Esto marcó un gran punto de inflexión. Contactó al colectivo Ser Gay, de defensa de los derechos LGBTI, y en la primera consultoría les comentaron: “Ustedes no tienen dos hijos. Sino una hija y un hijo”.

El vicecoordinador de la asociación, Manuel Gutiérrez, recuerda que en estas primeras visitas había miedo y llantos en la grupo, pero acudían todos -padres, hermanos, abuela y tía- y el apoyo a la pupila era incondicional.

Al poco tiempo, Sophía empezó a conducirse como la pupila que deseaba ser, pero solo en casa. En la escuela se opusieron, pese a un informe benévolo de la Comisión de DD.HH. estatal, remarca Gutiérrez.

Esta ambivalencia empezó a afectarle. Y entonces se acordó, próximo al instituto educativo, cambiarla de colegio en el tercer año de preescolar.

Ese nuevo curso, y aunque al final unas maestras supieron, Sophía fue, para todos sus compañeritos, siempre y solo Sophía.

Hace más de un año, empezó un proceso que marca un hito en la historia de las infancias trans y de las poblaciones LGBTI en México, que pese a avances viven castigadas por la violencia.

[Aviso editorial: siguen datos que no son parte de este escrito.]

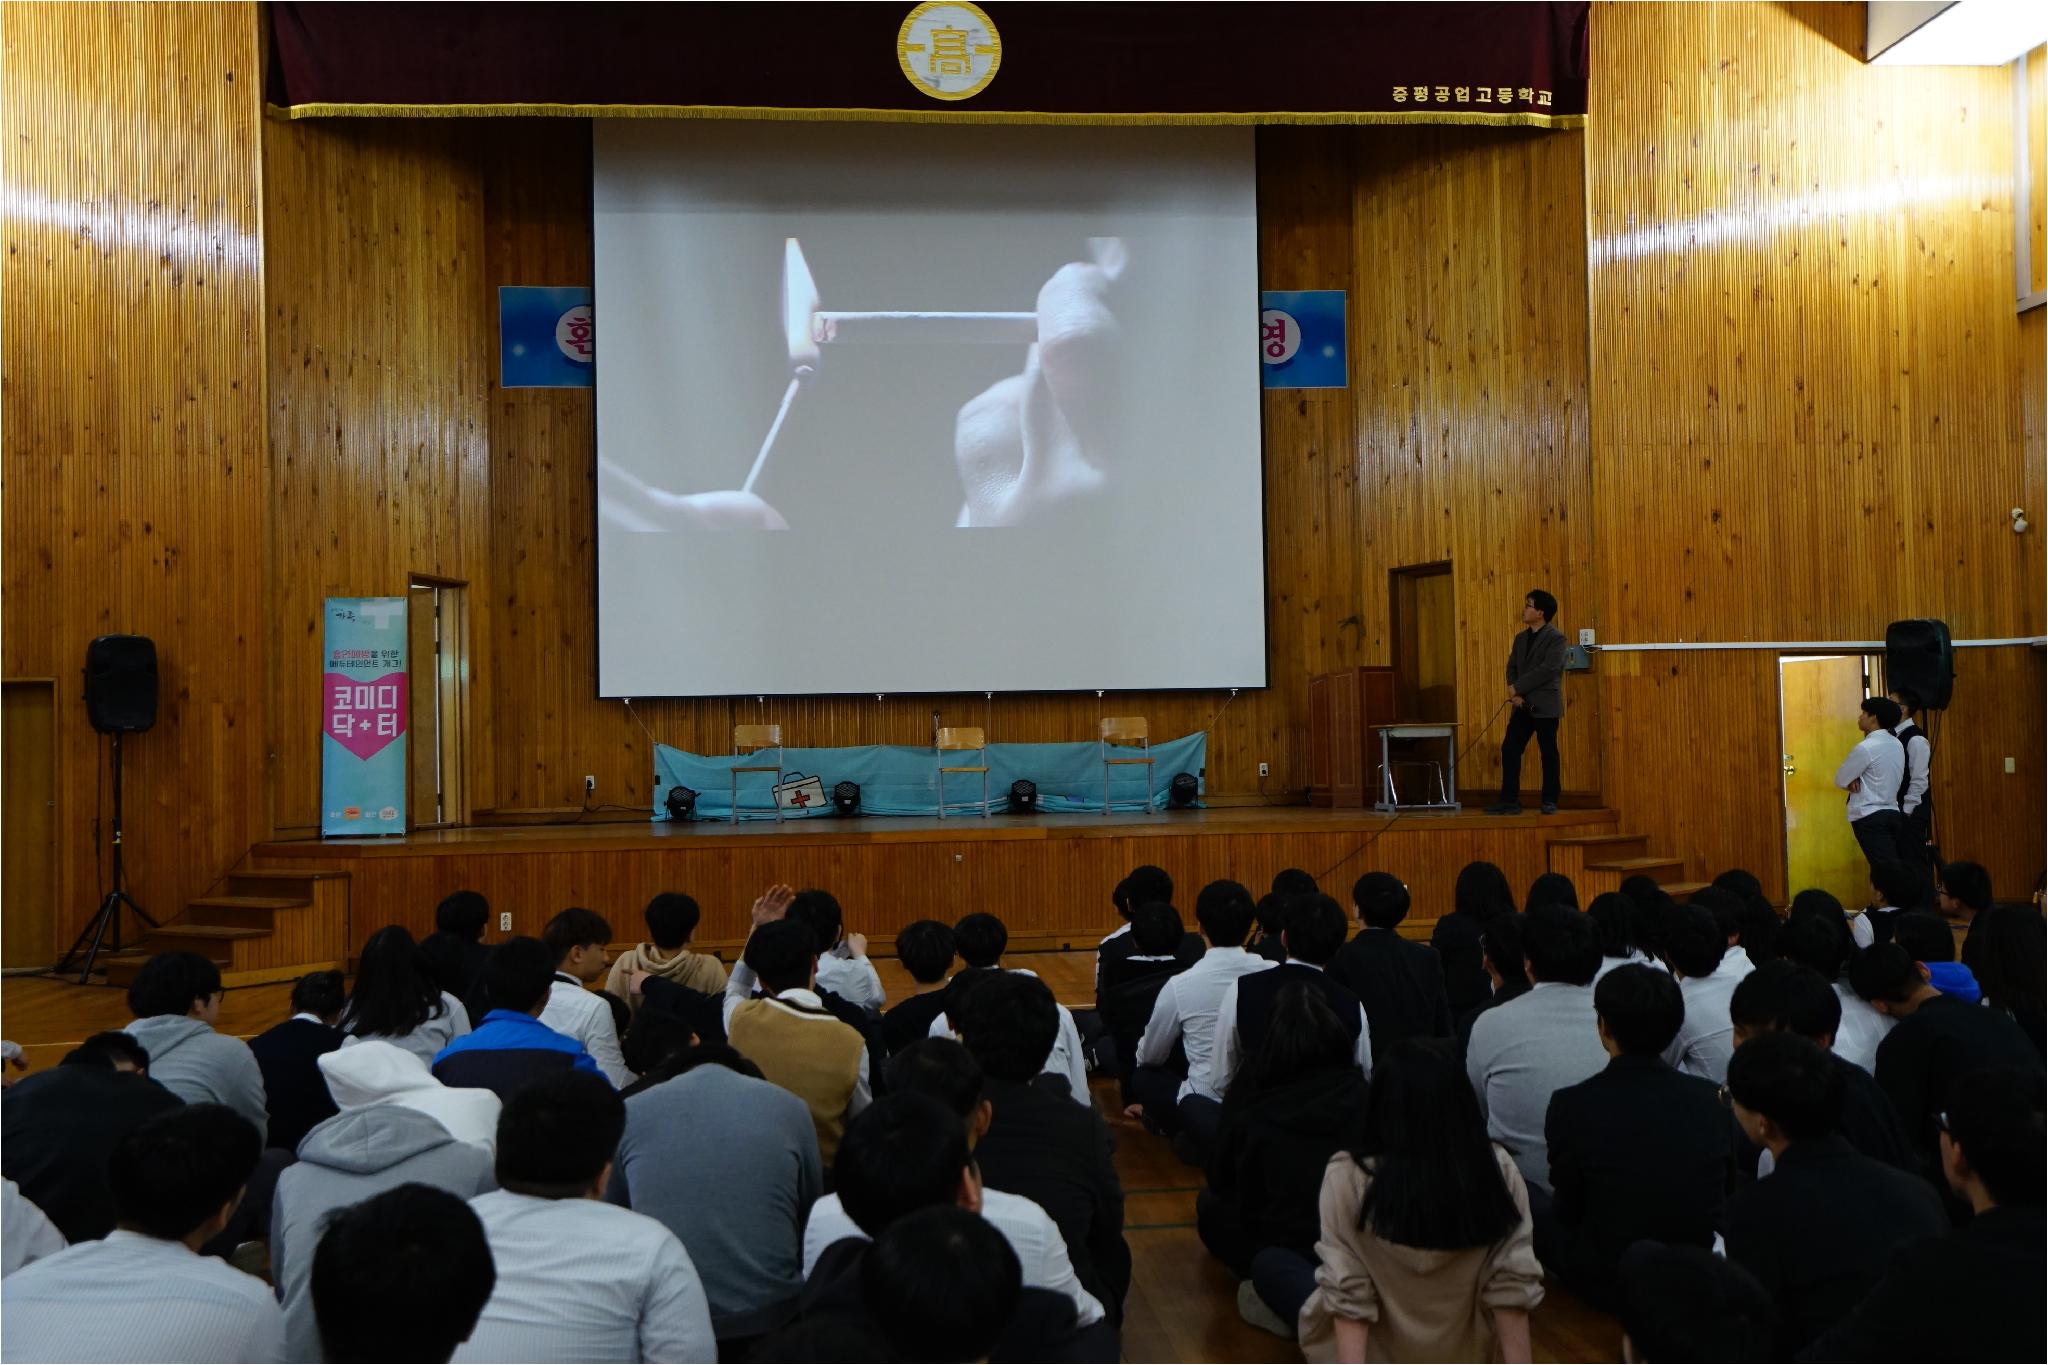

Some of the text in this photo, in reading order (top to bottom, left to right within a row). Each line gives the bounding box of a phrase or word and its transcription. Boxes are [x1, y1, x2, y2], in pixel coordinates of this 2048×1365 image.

[1392, 85, 1553, 106] 증평공업고등학교
[381, 649, 400, 659] 위한
[333, 685, 397, 710] 코미디

Entre 2014 y 2016, fueron asesinadas 202 personas LGBT. De estos, 108 eran mujeres trans (travestis, transgénero y transexuales), según un reporte de la ONG Símbolo S.

Apoyada por la ordenamiento Demanda Táctico en Derechos Sexuales y Reproductivos (Ledeser) y Ser Gay, Sophía inició sus trámites para cambiar de índole y nombre en su memoria de arranque, a través del Registro Civil de la Ciudad de México, donde ello no está legislado ni prohibido.

Anteriormente, otras niñas, niños y adolescentes han cambiado su identidad oficialmente, pero solía ser un proceso engorroso, incluso traumático. Debían producirse por un enjuiciador, y un médico y un psicólogo daban un informe para acreditar su identidad trans.

Este no fue el caso. No se requirió informe médico, solo una opinión especializada y el apoyo del Consejo para Advertir y Eliminar la Discriminación de la Ciudad de México (Copred).

Las niñas, niños y adolescentes tienen derecho a la identidad de índole, que no se cimiento en la patologización de la identidad”, remarca Alehlí Ordóñez, directora de Ledeser y una de las artífices de este proceso que, tras algunos reveses, llegó a buen puerto y encima sienta precedente.

El pasado 22 de julio, Sophía y su mamá viajaron a la Ciudad de México para guardar el memoria de arranque. “Su pasado como macho queda completamente reservado”, explica Ordóñez.

Sophía es Sophía. Comenzó primaria y su mamá celebra su complacencia: “Está muy cambiada, hay una parte de ella que no la dejaba ser como era”.

La beocio ha hecho historia, pero no entiende tanto revuelo. “Le enseñé su memoria y me dijo ‘¿Esto qué es?’ Como que a ella no le hace error un papel”, dice su mamá.

A la pupila, la única cosa que le mantiene preocupada es dejar detrás su etapa Frozen y defender a la princesa Ivy, igualmente de Disney.

Tengo una mochila de ella”, cuenta a Efe, tímida pero risueña. Y tras unas preguntas respondidas con monosílabos, le dice a su mamá; “¿Ya me puedo ir?”.